To have an artist's heart is to look odd.

People zip around you for the day while you move slowly and listen to a haunting scream of a seagull coasting above water that looks like it's getting stirred from the bottom up.  The top ripples, slightly an echo of what's below.

People go one way, you go the other.

So much business of meals, activities, and role playing makes you tired and starved for a nap on a blanket of pebbles and dead grass.

There is no hope for you seeming connected, present, or remotely normal when you can't shut out the conversation between a motherly breeze and the happy lapping of her little waves on the shore.

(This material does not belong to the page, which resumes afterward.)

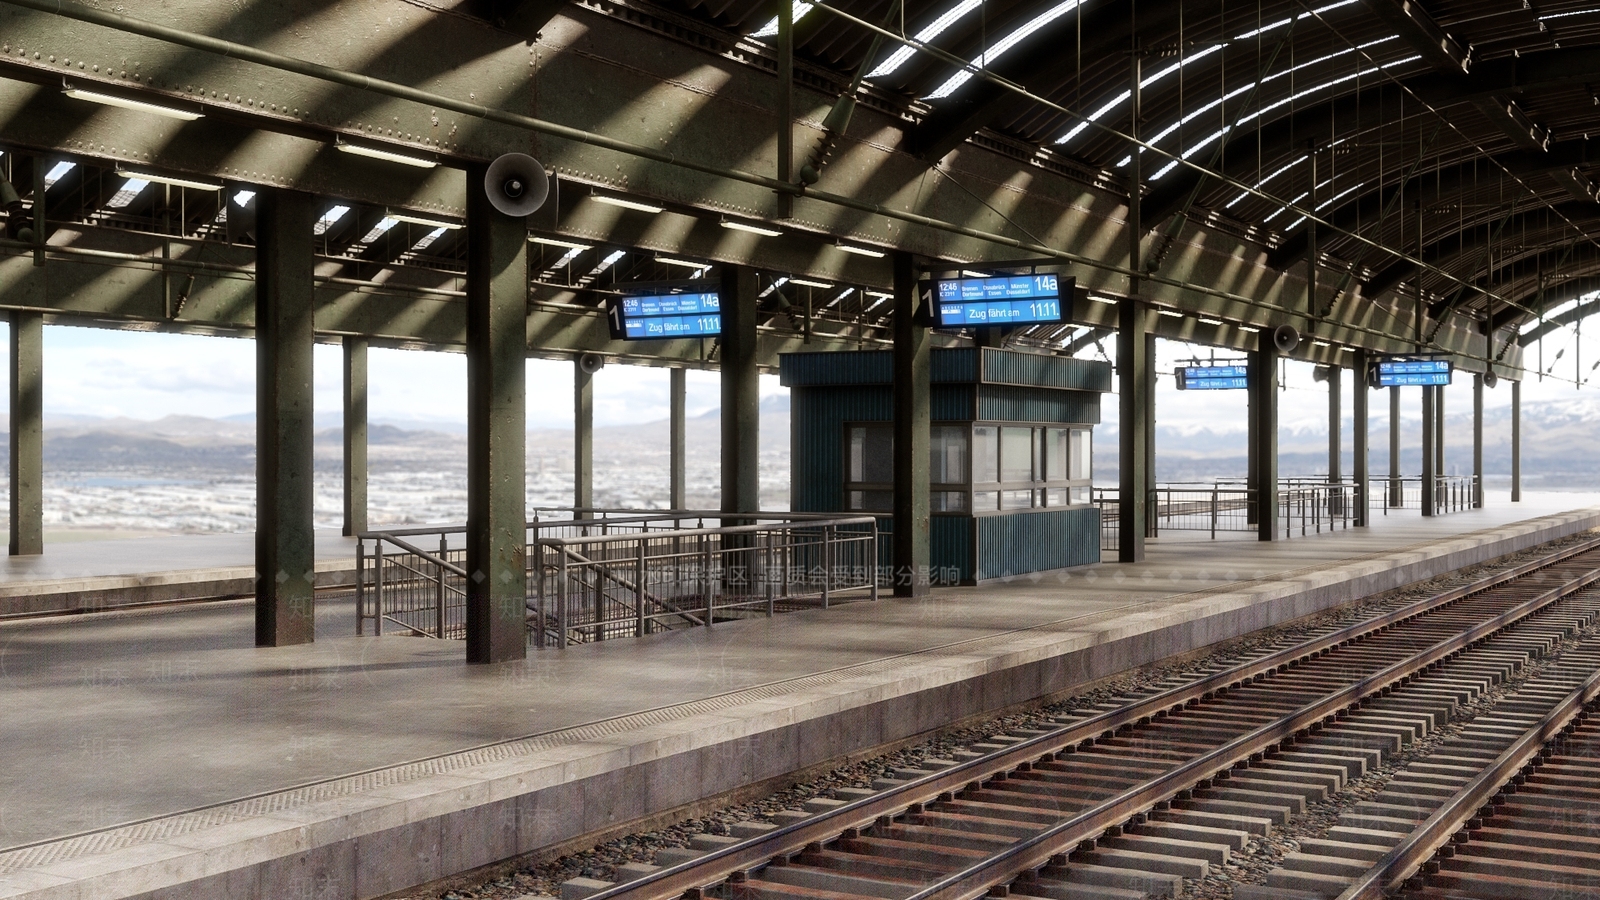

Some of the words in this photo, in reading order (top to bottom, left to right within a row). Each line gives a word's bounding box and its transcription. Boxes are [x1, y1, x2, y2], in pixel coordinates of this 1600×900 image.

Black bodied ants and six downy duckling investigate you closely to see if you think of them too.

A day alone is not lonesome when you have the company of a world that is never the same thing twice.
 
Everything here at the lake is in motion for its own survival, driven by its own insides, surrendering pieces of itself in the end for the greater good of something not up for debate. Their journey is important because they exist. That's enough proof. No pondering for millipedes. Doing is believing.

Blue spirals with two gaping holes on a seashell are like bullet wounds.  "Where were you going? Did you ever get to arrive?"

A boat of fishermen is gliding past Sadie and me. She watches with expectation that they belong to her. She controls the world with her eyes.

Why make sense where there might only be survival?

The fact that there is a chance of more is what makes an artist's heart so hopeful, so odd, so out of touch.  Because that place, the possibility of more, is where we live.